─── Data supplied
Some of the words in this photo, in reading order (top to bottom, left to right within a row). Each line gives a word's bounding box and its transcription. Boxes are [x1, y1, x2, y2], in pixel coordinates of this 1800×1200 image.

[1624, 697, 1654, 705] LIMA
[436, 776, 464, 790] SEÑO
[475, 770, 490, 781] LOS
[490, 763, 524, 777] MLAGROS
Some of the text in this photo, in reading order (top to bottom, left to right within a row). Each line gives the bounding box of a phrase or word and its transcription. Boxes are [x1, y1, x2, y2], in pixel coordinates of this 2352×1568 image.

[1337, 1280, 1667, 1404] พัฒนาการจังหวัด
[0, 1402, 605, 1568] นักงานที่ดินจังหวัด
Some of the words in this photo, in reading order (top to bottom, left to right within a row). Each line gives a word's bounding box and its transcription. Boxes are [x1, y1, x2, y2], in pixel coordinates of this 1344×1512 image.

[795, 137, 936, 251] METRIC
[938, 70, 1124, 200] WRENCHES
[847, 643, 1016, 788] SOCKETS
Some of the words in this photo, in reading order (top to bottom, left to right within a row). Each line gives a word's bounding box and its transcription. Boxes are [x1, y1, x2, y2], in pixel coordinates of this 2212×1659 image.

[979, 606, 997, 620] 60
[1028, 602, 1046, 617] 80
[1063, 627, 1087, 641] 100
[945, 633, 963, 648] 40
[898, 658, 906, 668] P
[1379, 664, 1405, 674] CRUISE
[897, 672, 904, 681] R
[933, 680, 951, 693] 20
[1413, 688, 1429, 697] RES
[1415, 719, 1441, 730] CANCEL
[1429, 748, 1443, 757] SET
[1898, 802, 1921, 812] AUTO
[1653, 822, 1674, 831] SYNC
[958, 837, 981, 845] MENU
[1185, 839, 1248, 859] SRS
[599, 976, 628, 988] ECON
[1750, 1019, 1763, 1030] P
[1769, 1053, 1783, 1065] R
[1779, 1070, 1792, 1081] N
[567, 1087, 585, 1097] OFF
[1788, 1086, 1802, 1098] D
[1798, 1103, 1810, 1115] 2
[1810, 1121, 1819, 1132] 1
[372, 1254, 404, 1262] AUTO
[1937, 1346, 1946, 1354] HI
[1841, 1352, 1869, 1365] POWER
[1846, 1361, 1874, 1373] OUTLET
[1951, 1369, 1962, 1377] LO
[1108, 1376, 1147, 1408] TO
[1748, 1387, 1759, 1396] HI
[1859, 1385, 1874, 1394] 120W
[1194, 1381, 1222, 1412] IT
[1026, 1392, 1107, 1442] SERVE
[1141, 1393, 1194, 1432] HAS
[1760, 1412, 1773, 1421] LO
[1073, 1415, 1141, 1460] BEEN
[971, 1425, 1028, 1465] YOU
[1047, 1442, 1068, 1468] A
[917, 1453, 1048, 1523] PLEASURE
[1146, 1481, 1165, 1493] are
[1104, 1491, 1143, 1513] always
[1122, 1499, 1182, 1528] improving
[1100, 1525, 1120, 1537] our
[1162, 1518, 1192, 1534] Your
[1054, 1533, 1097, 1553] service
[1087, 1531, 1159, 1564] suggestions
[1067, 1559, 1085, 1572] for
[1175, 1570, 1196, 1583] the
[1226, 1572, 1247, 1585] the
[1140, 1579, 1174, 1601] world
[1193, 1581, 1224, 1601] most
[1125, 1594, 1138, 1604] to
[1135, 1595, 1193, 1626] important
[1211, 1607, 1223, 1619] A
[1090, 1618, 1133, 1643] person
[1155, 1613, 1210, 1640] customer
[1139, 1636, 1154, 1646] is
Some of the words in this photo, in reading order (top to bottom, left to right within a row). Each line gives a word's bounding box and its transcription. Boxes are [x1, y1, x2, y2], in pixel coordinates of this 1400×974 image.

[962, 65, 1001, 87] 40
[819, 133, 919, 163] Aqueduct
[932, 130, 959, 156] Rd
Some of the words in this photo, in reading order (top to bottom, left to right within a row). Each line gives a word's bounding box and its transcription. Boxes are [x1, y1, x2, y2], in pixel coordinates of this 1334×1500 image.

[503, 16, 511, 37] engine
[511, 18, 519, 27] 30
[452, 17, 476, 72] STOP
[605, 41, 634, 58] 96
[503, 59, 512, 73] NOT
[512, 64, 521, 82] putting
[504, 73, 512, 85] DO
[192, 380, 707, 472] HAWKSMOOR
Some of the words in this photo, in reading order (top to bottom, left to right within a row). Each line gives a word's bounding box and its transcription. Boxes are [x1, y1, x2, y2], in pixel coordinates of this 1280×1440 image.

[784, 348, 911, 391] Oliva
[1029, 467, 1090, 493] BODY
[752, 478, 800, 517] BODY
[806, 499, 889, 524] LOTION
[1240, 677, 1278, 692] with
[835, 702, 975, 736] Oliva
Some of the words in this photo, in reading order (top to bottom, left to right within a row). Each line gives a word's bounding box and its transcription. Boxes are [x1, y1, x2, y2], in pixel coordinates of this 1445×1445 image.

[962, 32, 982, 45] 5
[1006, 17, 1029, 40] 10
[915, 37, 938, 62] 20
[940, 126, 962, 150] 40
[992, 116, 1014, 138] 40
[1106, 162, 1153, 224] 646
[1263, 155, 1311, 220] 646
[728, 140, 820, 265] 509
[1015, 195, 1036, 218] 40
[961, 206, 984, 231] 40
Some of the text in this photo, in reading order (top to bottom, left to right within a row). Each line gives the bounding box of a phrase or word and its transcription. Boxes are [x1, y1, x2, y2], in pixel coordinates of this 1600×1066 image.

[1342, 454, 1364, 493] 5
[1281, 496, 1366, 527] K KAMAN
──────
▶ _What to work on_: Go through the material and set every line down again exactly.

▶ _Output for this exercise_:
Some of the words in this photo, in reading order (top to bottom, left to right within a row). Each line gives a word's bounding box and its transcription. Boxes are [x1, y1, x2, y2], in pixel coordinates of this 1800×1200 image.

[1624, 697, 1654, 705] LIMA
[436, 776, 464, 790] SEÑO
[475, 770, 490, 781] LOS
[490, 763, 524, 777] MLAGROS
Some of the text in this photo, in reading order (top to bottom, left to right within a row). Each line gives the bounding box of a phrase or word and its transcription. Boxes are [x1, y1, x2, y2], in pixel coordinates of this 2352×1568 image.

[1337, 1280, 1667, 1404] พัฒนาการจังหวัด
[0, 1402, 605, 1568] นักงานที่ดินจังหวัด
Some of the words in this photo, in reading order (top to bottom, left to right within a row). Each line gives a word's bounding box and its transcription. Boxes are [x1, y1, x2, y2], in pixel coordinates of this 1344×1512 image.

[795, 137, 936, 251] METRIC
[938, 70, 1124, 200] WRENCHES
[847, 643, 1016, 788] SOCKETS
Some of the words in this photo, in reading order (top to bottom, left to right within a row). Each line gives a word's bounding box and its transcription. Boxes are [x1, y1, x2, y2], in pixel coordinates of this 2212×1659 image.

[979, 606, 997, 620] 60
[1028, 602, 1046, 617] 80
[1063, 627, 1087, 641] 100
[945, 633, 963, 648] 40
[898, 658, 906, 668] P
[1379, 664, 1405, 674] CRUISE
[897, 672, 904, 681] R
[933, 680, 951, 693] 20
[1413, 688, 1429, 697] RES
[1415, 719, 1441, 730] CANCEL
[1429, 748, 1443, 757] SET
[1898, 802, 1921, 812] AUTO
[1653, 822, 1674, 831] SYNC
[958, 837, 981, 845] MENU
[1185, 839, 1248, 859] SRS
[599, 976, 628, 988] ECON
[1750, 1019, 1763, 1030] P
[1769, 1053, 1783, 1065] R
[1779, 1070, 1792, 1081] N
[567, 1087, 585, 1097] OFF
[1788, 1086, 1802, 1098] D
[1798, 1103, 1810, 1115] 2
[1810, 1121, 1819, 1132] 1
[372, 1254, 404, 1262] AUTO
[1937, 1346, 1946, 1354] HI
[1841, 1352, 1869, 1365] POWER
[1846, 1361, 1874, 1373] OUTLET
[1951, 1369, 1962, 1377] LO
[1108, 1376, 1147, 1408] TO
[1748, 1387, 1759, 1396] HI
[1859, 1385, 1874, 1394] 120W
[1194, 1381, 1222, 1412] IT
[1026, 1392, 1107, 1442] SERVE
[1141, 1393, 1194, 1432] HAS
[1760, 1412, 1773, 1421] LO
[1073, 1415, 1141, 1460] BEEN
[971, 1425, 1028, 1465] YOU
[1047, 1442, 1068, 1468] A
[917, 1453, 1048, 1523] PLEASURE
[1146, 1481, 1165, 1493] are
[1104, 1491, 1143, 1513] always
[1122, 1499, 1182, 1528] improving
[1100, 1525, 1120, 1537] our
[1162, 1518, 1192, 1534] Your
[1054, 1533, 1097, 1553] service
[1087, 1531, 1159, 1564] suggestions
[1067, 1559, 1085, 1572] for
[1175, 1570, 1196, 1583] the
[1226, 1572, 1247, 1585] the
[1140, 1579, 1174, 1601] world
[1193, 1581, 1224, 1601] most
[1125, 1594, 1138, 1604] to
[1135, 1595, 1193, 1626] important
[1211, 1607, 1223, 1619] A
[1090, 1618, 1133, 1643] person
[1155, 1613, 1210, 1640] customer
[1139, 1636, 1154, 1646] is
Some of the words in this photo, in reading order (top to bottom, left to right within a row). Each line gives a word's bounding box and its transcription. Boxes are [x1, y1, x2, y2], in pixel coordinates of this 1400×974 image.

[962, 65, 1001, 87] 40
[819, 133, 919, 163] Aqueduct
[932, 130, 959, 156] Rd
Some of the words in this photo, in reading order (top to bottom, left to right within a row). Each line gives a word's bounding box and its transcription. Boxes are [x1, y1, x2, y2], in pixel coordinates of this 1334×1500 image.

[503, 16, 511, 37] engine
[511, 18, 519, 27] 30
[452, 17, 476, 72] STOP
[605, 41, 634, 58] 96
[503, 59, 512, 73] NOT
[512, 64, 521, 82] putting
[504, 73, 512, 85] DO
[192, 380, 707, 472] HAWKSMOOR
Some of the words in this photo, in reading order (top to bottom, left to right within a row). Each line gives a word's bounding box and its transcription. Boxes are [x1, y1, x2, y2], in pixel coordinates of this 1280×1440 image.

[784, 348, 911, 391] Oliva
[1029, 467, 1090, 493] BODY
[752, 478, 800, 517] BODY
[806, 499, 889, 524] LOTION
[1240, 677, 1278, 692] with
[835, 702, 975, 736] Oliva
Some of the words in this photo, in reading order (top to bottom, left to right within a row). Each line gives a word's bounding box and its transcription. Boxes are [x1, y1, x2, y2], in pixel coordinates of this 1445×1445 image.

[962, 32, 982, 45] 5
[1006, 17, 1029, 40] 10
[915, 37, 938, 62] 20
[940, 126, 962, 150] 40
[992, 116, 1014, 138] 40
[1106, 162, 1153, 224] 646
[1263, 155, 1311, 220] 646
[728, 140, 820, 265] 509
[1015, 195, 1036, 218] 40
[961, 206, 984, 231] 40
Some of the text in this photo, in reading order (top to bottom, left to right within a row). Each line gives the bounding box of a phrase or word and its transcription. Boxes are [x1, y1, x2, y2], in pixel coordinates of this 1600×1066 image.

[1342, 454, 1364, 493] 5
[1281, 496, 1366, 527] K KAMAN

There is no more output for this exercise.